Stored data

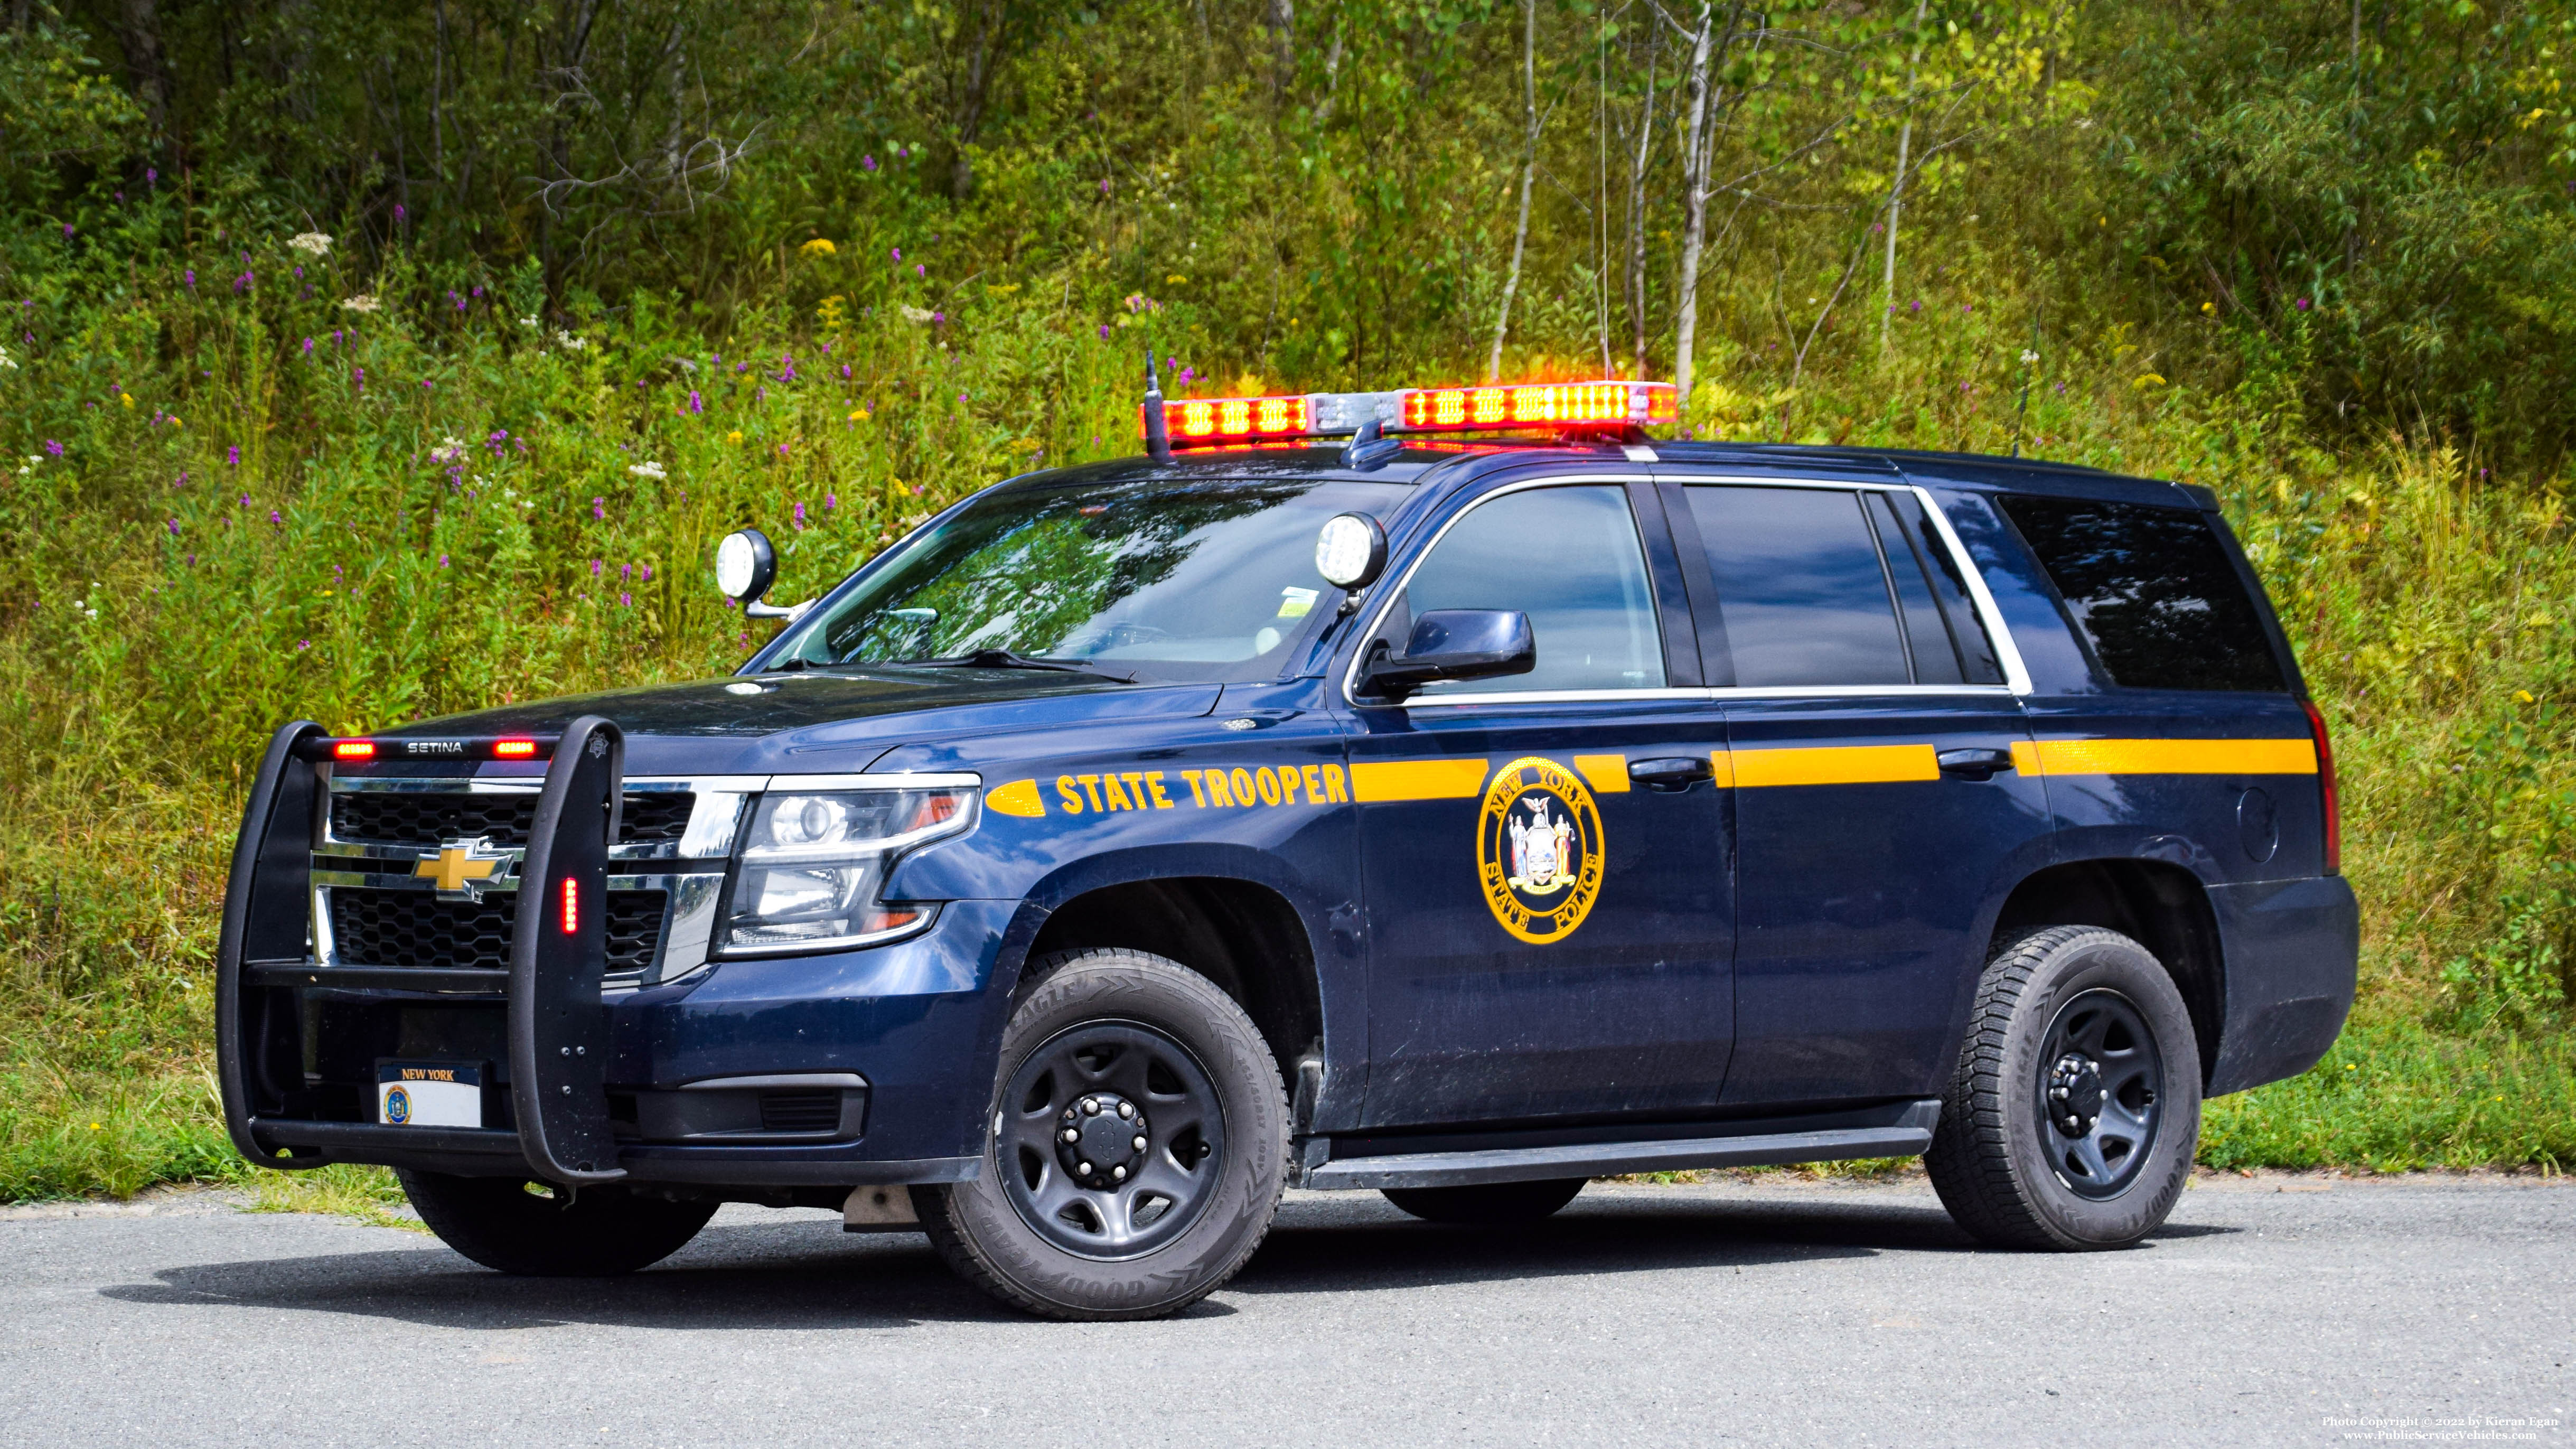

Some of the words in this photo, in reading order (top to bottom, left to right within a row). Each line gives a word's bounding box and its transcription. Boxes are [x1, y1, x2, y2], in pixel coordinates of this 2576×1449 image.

[408, 742, 462, 752] SETINA
[1057, 771, 1174, 814] STATE
[1181, 764, 1348, 807] TROOPER
[1490, 769, 1522, 819] NEW
[1537, 766, 1587, 816] YORK
[1485, 862, 1530, 932] STATE
[1553, 853, 1599, 931] POLICE
[1008, 981, 1075, 1033] EAGLE
[401, 1068, 426, 1080] NEW
[427, 1069, 454, 1081] YORK
[980, 1214, 1145, 1300] GOODYEAR

To do
Pictures within the entries must not be reproduced; everything else is to be restated verbatim.

Result below
Some of the words in this photo, in reading order (top to bottom, left to right within a row). Each line gives a word's bounding box and its transcription. Boxes are [x1, y1, x2, y2], in pixel coordinates of this 2576×1449 image.

[408, 742, 462, 752] SETINA
[1057, 771, 1174, 814] STATE
[1181, 764, 1348, 807] TROOPER
[1490, 769, 1522, 819] NEW
[1537, 766, 1587, 816] YORK
[1485, 862, 1530, 932] STATE
[1553, 853, 1599, 931] POLICE
[1008, 981, 1075, 1033] EAGLE
[401, 1068, 426, 1080] NEW
[427, 1069, 454, 1081] YORK
[980, 1214, 1145, 1300] GOODYEAR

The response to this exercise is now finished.